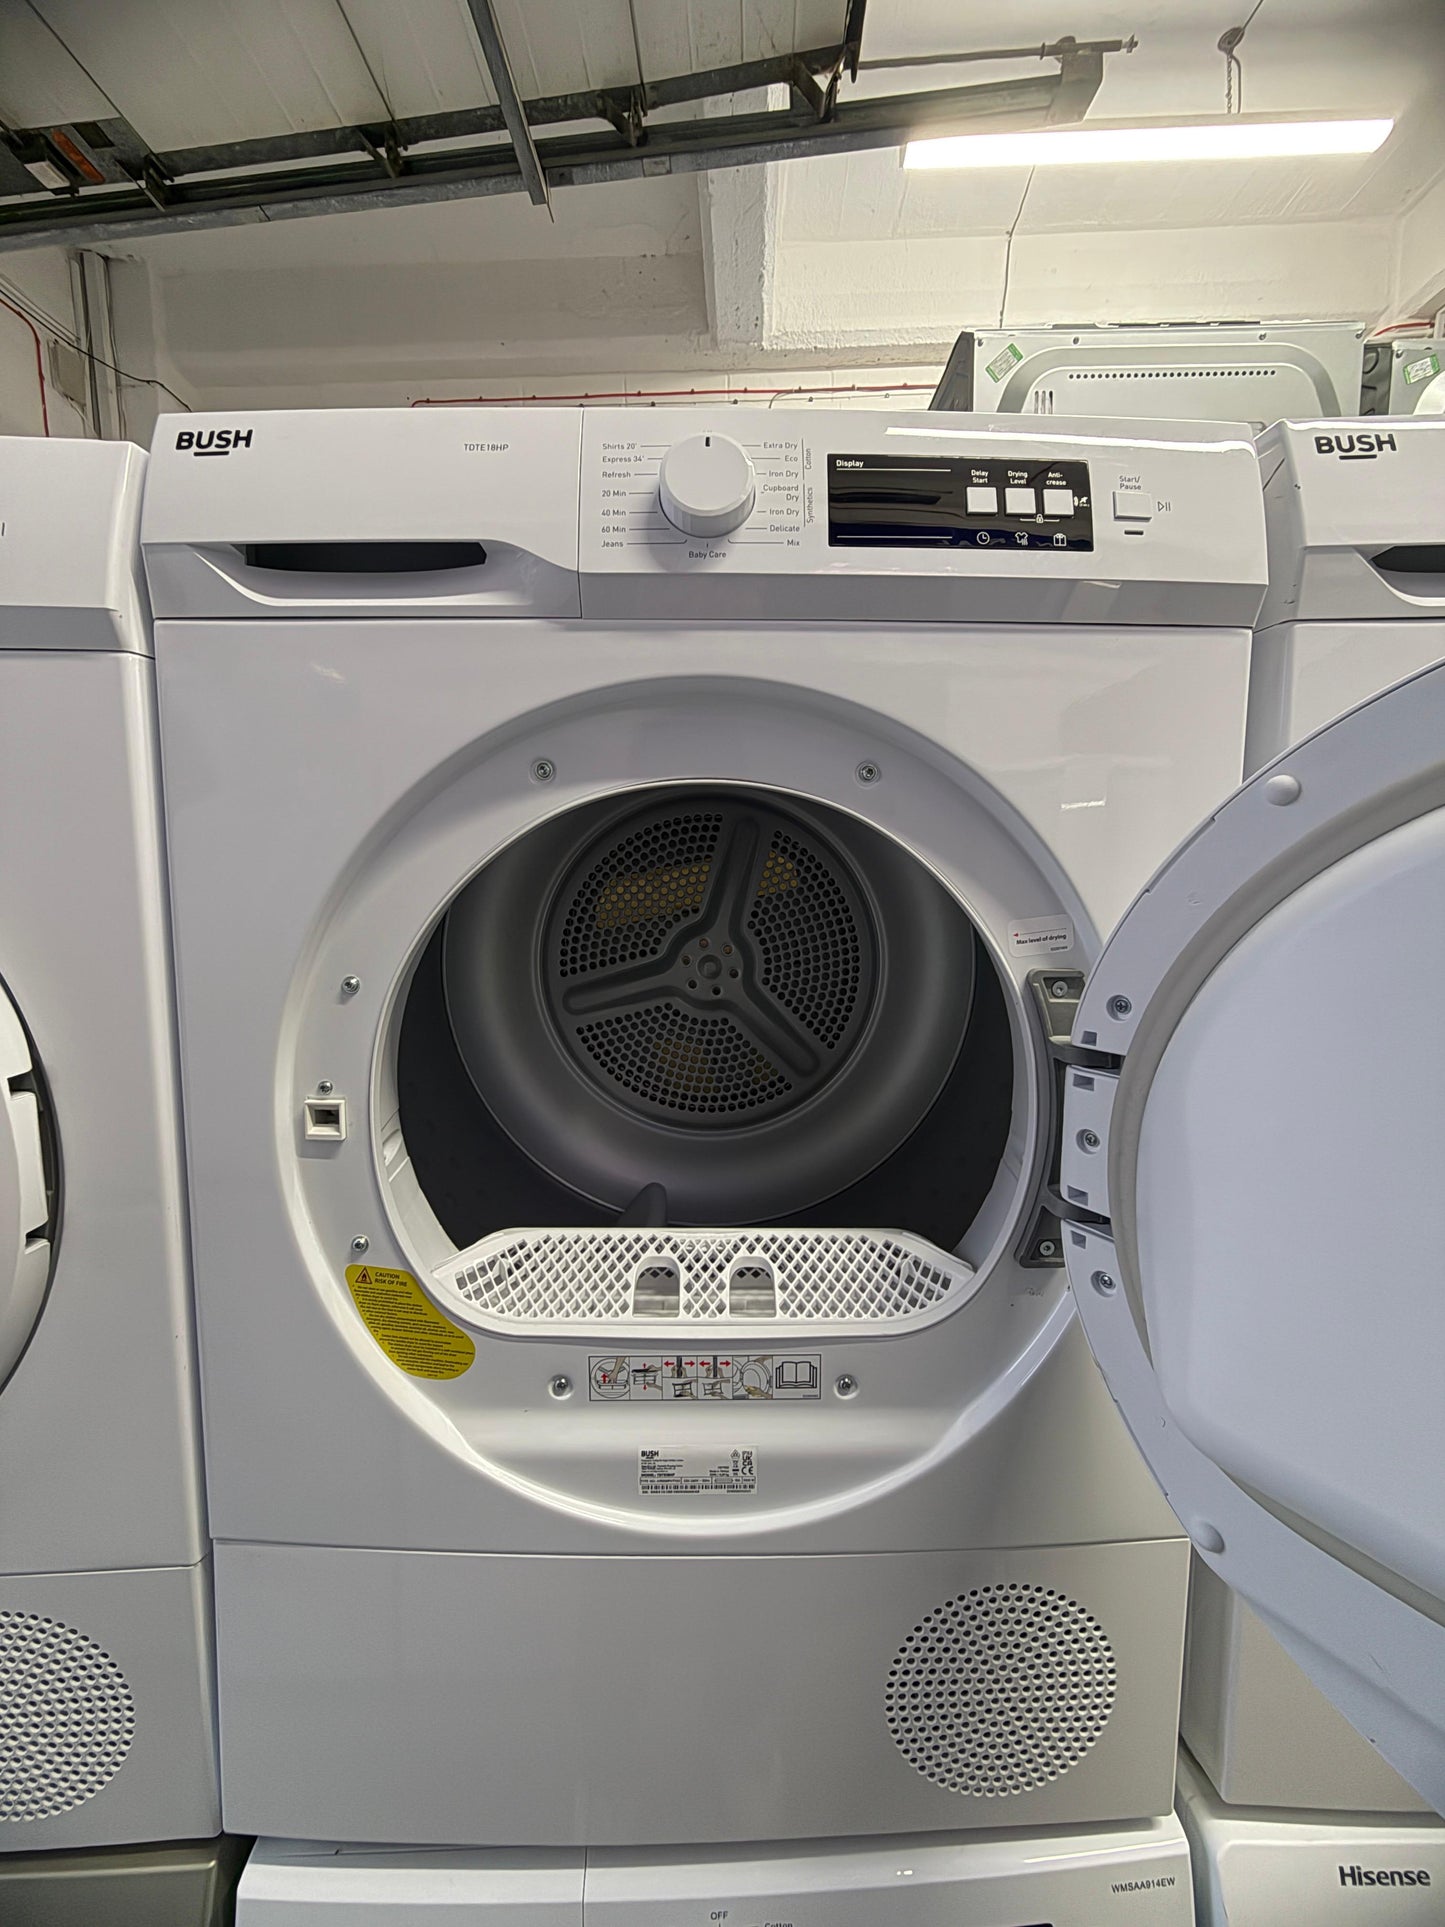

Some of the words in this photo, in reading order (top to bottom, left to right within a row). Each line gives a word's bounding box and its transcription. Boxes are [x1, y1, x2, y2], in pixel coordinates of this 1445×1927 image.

[175, 429, 253, 450] BUSH
[1314, 433, 1398, 454] BUSH
[463, 443, 510, 452] TDTE18HP
[784, 442, 798, 451] Dry
[836, 460, 864, 468] Display
[785, 471, 799, 479] Dry
[971, 469, 989, 477] Delay
[1008, 470, 1028, 479] Drying
[1119, 475, 1140, 484] Start/
[763, 484, 799, 493] Cupboard
[1119, 482, 1142, 491] Pause
[786, 494, 800, 502] Dry
[807, 487, 815, 523] Synthetics
[786, 508, 800, 517] Dry
[688, 551, 707, 559] Baby
[1049, 933, 1067, 941] drying
[375, 1272, 400, 1280] CAUTION
[396, 1280, 408, 1288] FIRE
[1338, 1865, 1431, 1887] Hisense
[1111, 1877, 1176, 1894] WMSAA914EW
[710, 1911, 728, 1920] OFF
******************************
**TASK GOAL**
Each entry should appear again exactly as written, pictures excluded.

**SOLUTION FOR THIS PROBLEM**
Some of the words in this photo, in reading order (top to bottom, left to right within a row). Each line gives a word's bounding box and its transcription. Boxes are [x1, y1, x2, y2], in pixel coordinates of this 1445×1927 image.

[175, 429, 253, 450] BUSH
[1314, 433, 1398, 454] BUSH
[463, 443, 510, 452] TDTE18HP
[784, 442, 798, 451] Dry
[836, 460, 864, 468] Display
[785, 471, 799, 479] Dry
[971, 469, 989, 477] Delay
[1008, 470, 1028, 479] Drying
[1119, 475, 1140, 484] Start/
[763, 484, 799, 493] Cupboard
[1119, 482, 1142, 491] Pause
[786, 494, 800, 502] Dry
[807, 487, 815, 523] Synthetics
[786, 508, 800, 517] Dry
[688, 551, 707, 559] Baby
[1049, 933, 1067, 941] drying
[375, 1272, 400, 1280] CAUTION
[396, 1280, 408, 1288] FIRE
[1338, 1865, 1431, 1887] Hisense
[1111, 1877, 1176, 1894] WMSAA914EW
[710, 1911, 728, 1920] OFF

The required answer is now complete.